**Input data**
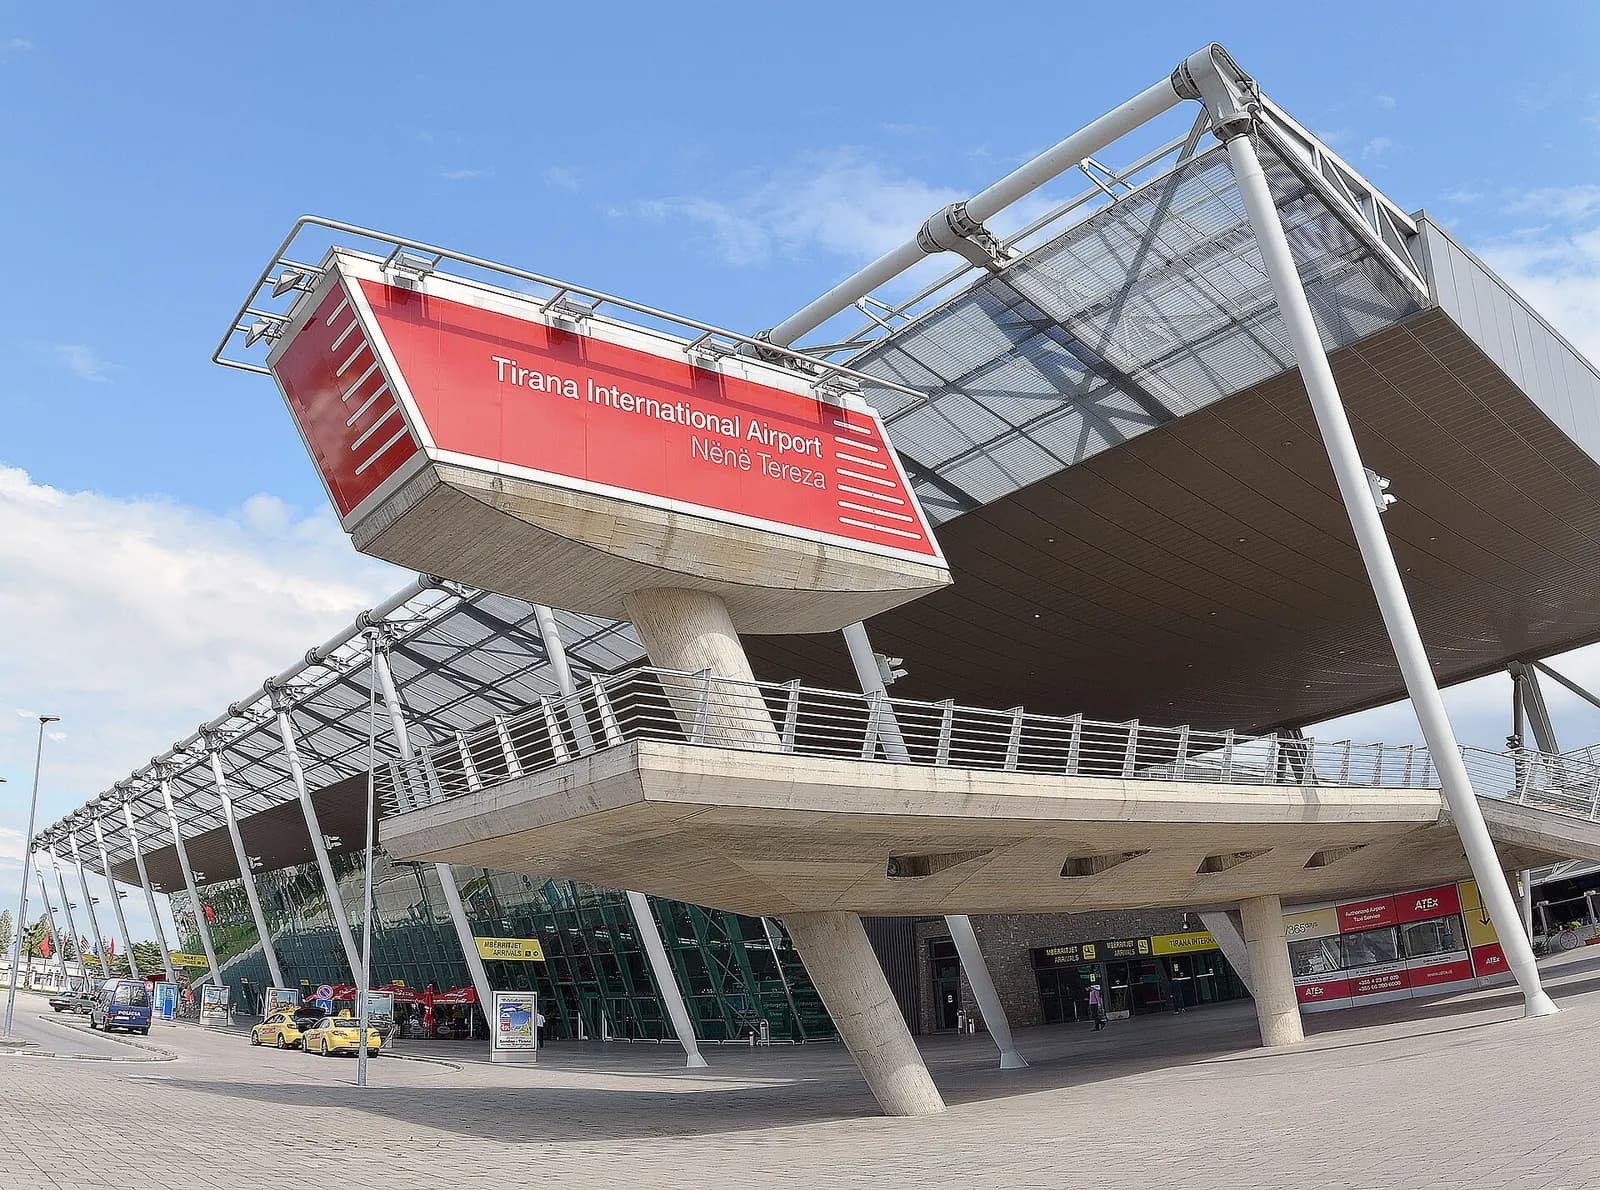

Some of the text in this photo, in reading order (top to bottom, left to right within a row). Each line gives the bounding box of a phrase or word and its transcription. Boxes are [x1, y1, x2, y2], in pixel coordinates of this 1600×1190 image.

[491, 356, 823, 459] Tirana International Airport
[691, 435, 827, 490] Nënë Tereza
[493, 949, 522, 957] ARRIVALS
[1169, 938, 1191, 948] TIRANA

**Description of the task**
Leave the pictures out and output all of the data verbatim.

**Solution below**
Some of the text in this photo, in reading order (top to bottom, left to right within a row). Each line gives the bounding box of a phrase or word and its transcription. Boxes are [x1, y1, x2, y2], in pixel coordinates of this 1600×1190 image.

[491, 356, 823, 459] Tirana International Airport
[691, 435, 827, 490] Nënë Tereza
[493, 949, 522, 957] ARRIVALS
[1169, 938, 1191, 948] TIRANA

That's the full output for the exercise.